[
https://jira.jboss.org/jira/browse/JBMESSAGING-1456?page=com.atlassian.ji...
]
Howard Gao commented on JBMESSAGING-1456:
-----------------------------------------
Hi Zach,
Thanks for the valuable information. Now I understand better. I re-checked my test case in
order to conform to your description last night before I sleep and let the test client run
over night. But I didn't get the expected stuck message to come.
This time I think I did it carefully based on your description exception some
configuration changes to make my laptop not to be overloaded, the changes include:
export.message.delay=80000 (instead of 30-40sec)
export.number.messages.per.send=100
The consuming rate on my laptop is not fast enough to consume up the messages the producer
sends in one burst.
export.consumer.min.count=5
export.consumer.max.count=10
I reduce the number of consumers to reduce memory usage so my laptop won't run out of
memory. For the second pure consuming client, i even reduce the above to parameters down
to 2 and 8 respectively.
So 2 nodes, one producer/consumer client and one consumer client all run on my laptop.

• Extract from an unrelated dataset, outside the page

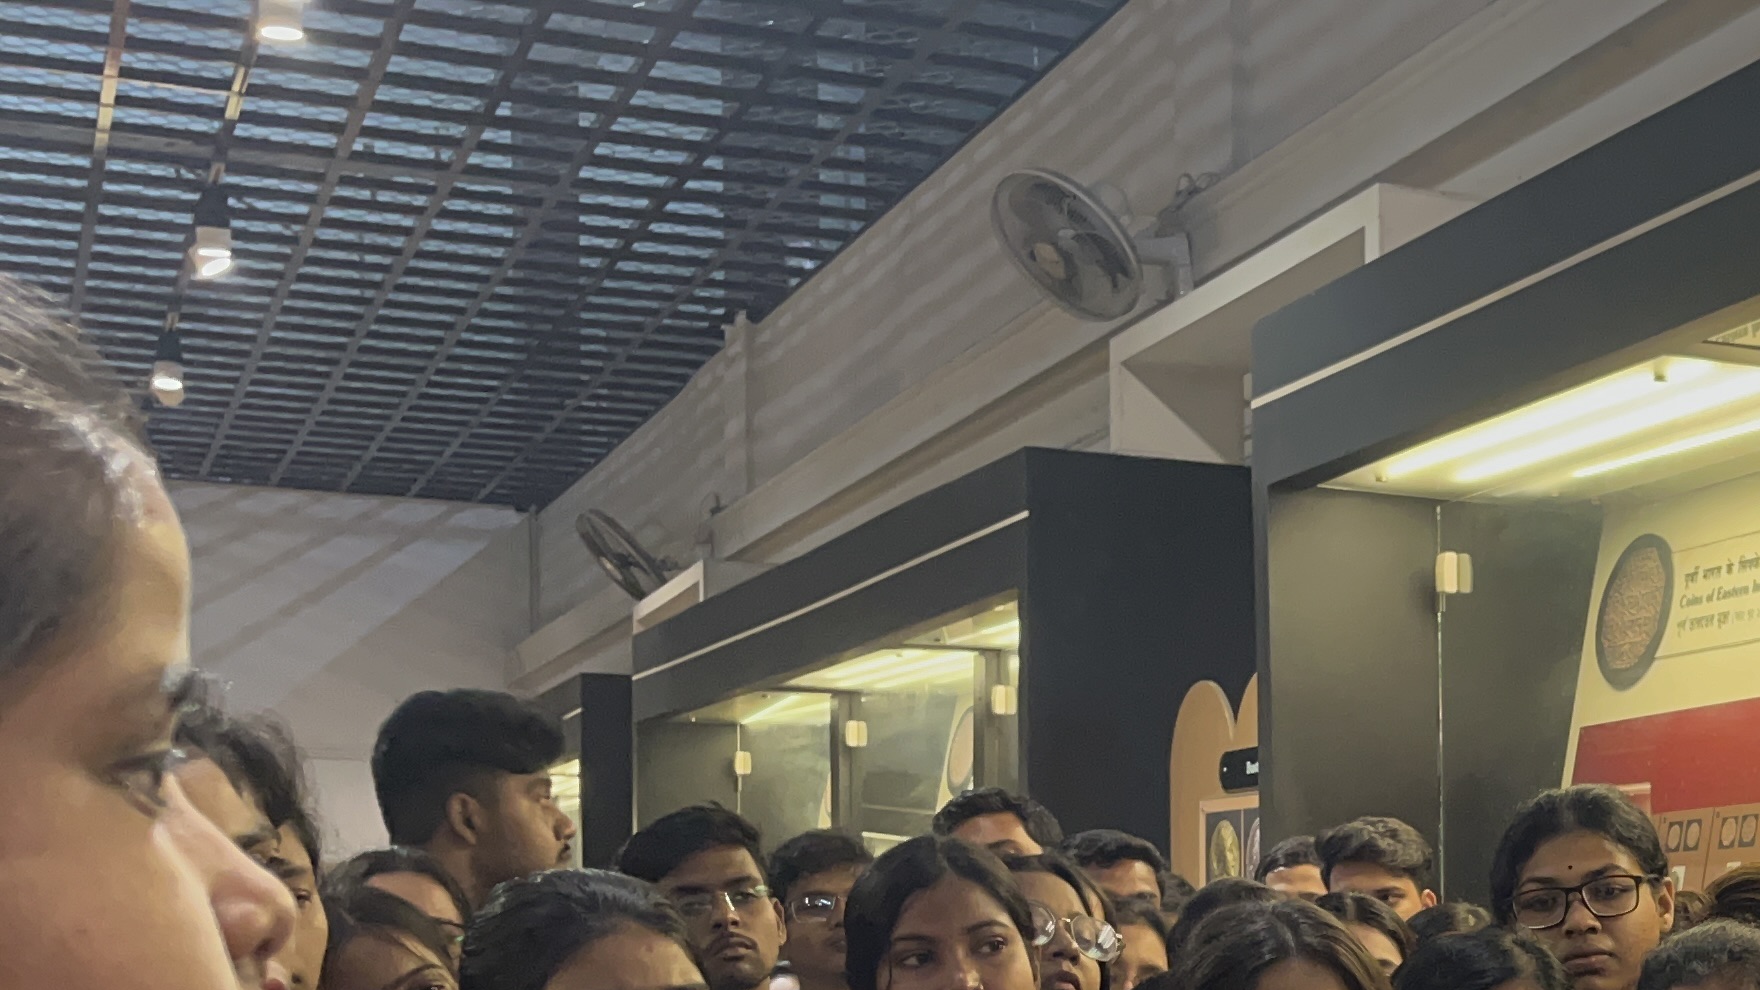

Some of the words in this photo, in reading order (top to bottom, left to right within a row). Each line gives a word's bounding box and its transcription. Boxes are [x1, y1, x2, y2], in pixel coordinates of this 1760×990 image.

[1680, 594, 1703, 609] Coins
[1706, 588, 1715, 603] of
[1717, 586, 1749, 601] Eastern

When I checked it this morning (about 8 hours running), I didn't see there is any
message stuck.
However I did see the following exceptions from node2, like:
2008-12-01 05:07:54,710 DEBUG [org.jboss.remoting.InvokerRegistry] removed
SocketClientInvoker[1d62912, bisocket://127.0.1.1:366662811] from registry
2008-12-01 05:07:54,710 DEBUG
[org.jboss.remoting.transport.socket.MicroSocketClientInvoker]

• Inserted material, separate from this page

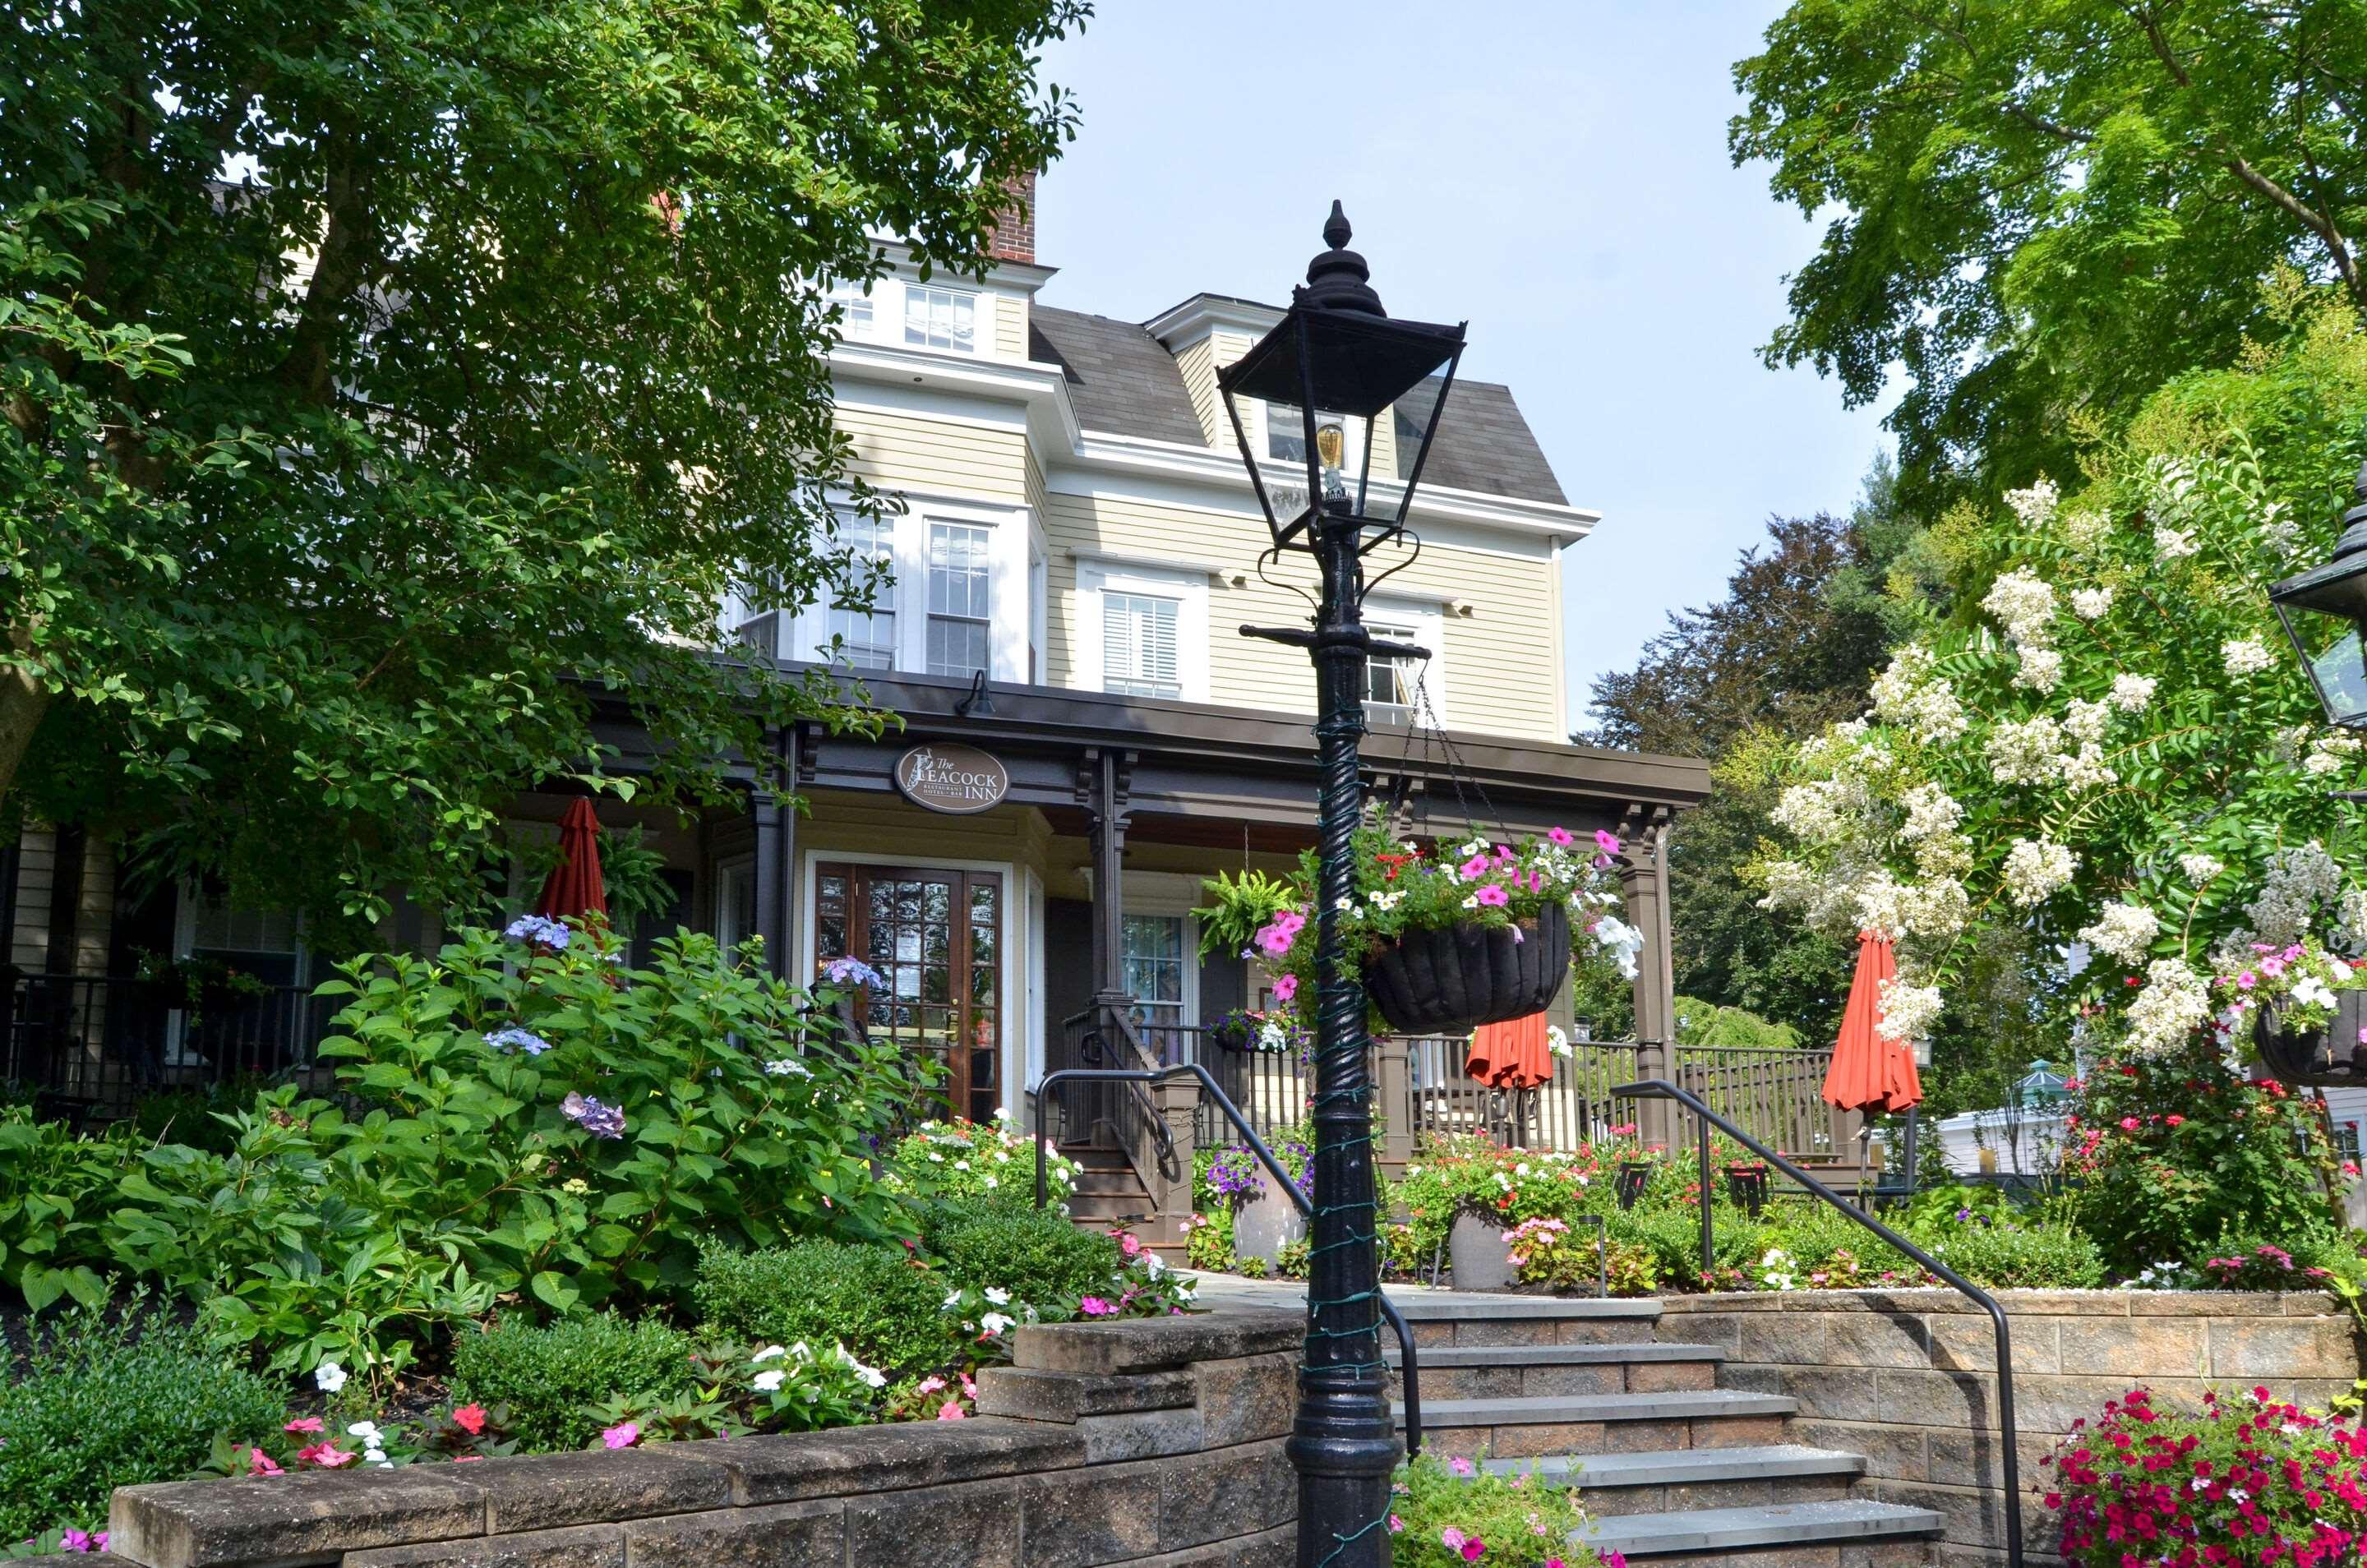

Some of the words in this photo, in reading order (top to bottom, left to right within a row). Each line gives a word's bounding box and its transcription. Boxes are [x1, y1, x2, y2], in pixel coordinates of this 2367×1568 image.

[914, 754, 997, 787] PEACOCK
[937, 758, 954, 770] The
[965, 786, 997, 800] INN

SocketClientInvoker[1d62912, bisocket://127.0.1.1:366662811] disconnecting ...
2008-12-01 05:07:54,712 ERROR [org.jboss.remoting.ConnectionNotifier] Error notifying
connection listeners of disconnected client connection.
java.lang.NullPointerException
at
org.jboss.remoting.ConnectionNotifier.connectionTerminated(ConnectionNotifier.java:74)
at org.jboss.remoting.Lease.notifyClientTermination(Lease.java:159)
at org.jboss.remoting.Lease.terminateLease(Lease.java:143)
at org.jboss.remoting.ServerInvoker.terminateLease(ServerInvoker.java:1692)
at org.jboss.remoting.ServerInvoker.invoke(ServerInvoker.java:732)
at
org.jboss.remoting.transport.socket.ServerThread.processInvocation(ServerThread.java:573)
at org.jboss.remoting.transport.socket.ServerThread.dorun(ServerThread.java:387)
at org.jboss.remoting.transport.socket.ServerThread.run(ServerThread.java:166)
this is exception from jboss-remoting, i think I used the patched version. I don't
know what's that mean yet, seems not relevant to our case.
Now I changed the producer code a bit to allow for some 'smart' messaging sending.
What I did is after each burst of sending, the producer thread will sleep for a while and
then check the message count, if the message count is not zero, keep sleeping, if zero, it
will go and send another burst of messages.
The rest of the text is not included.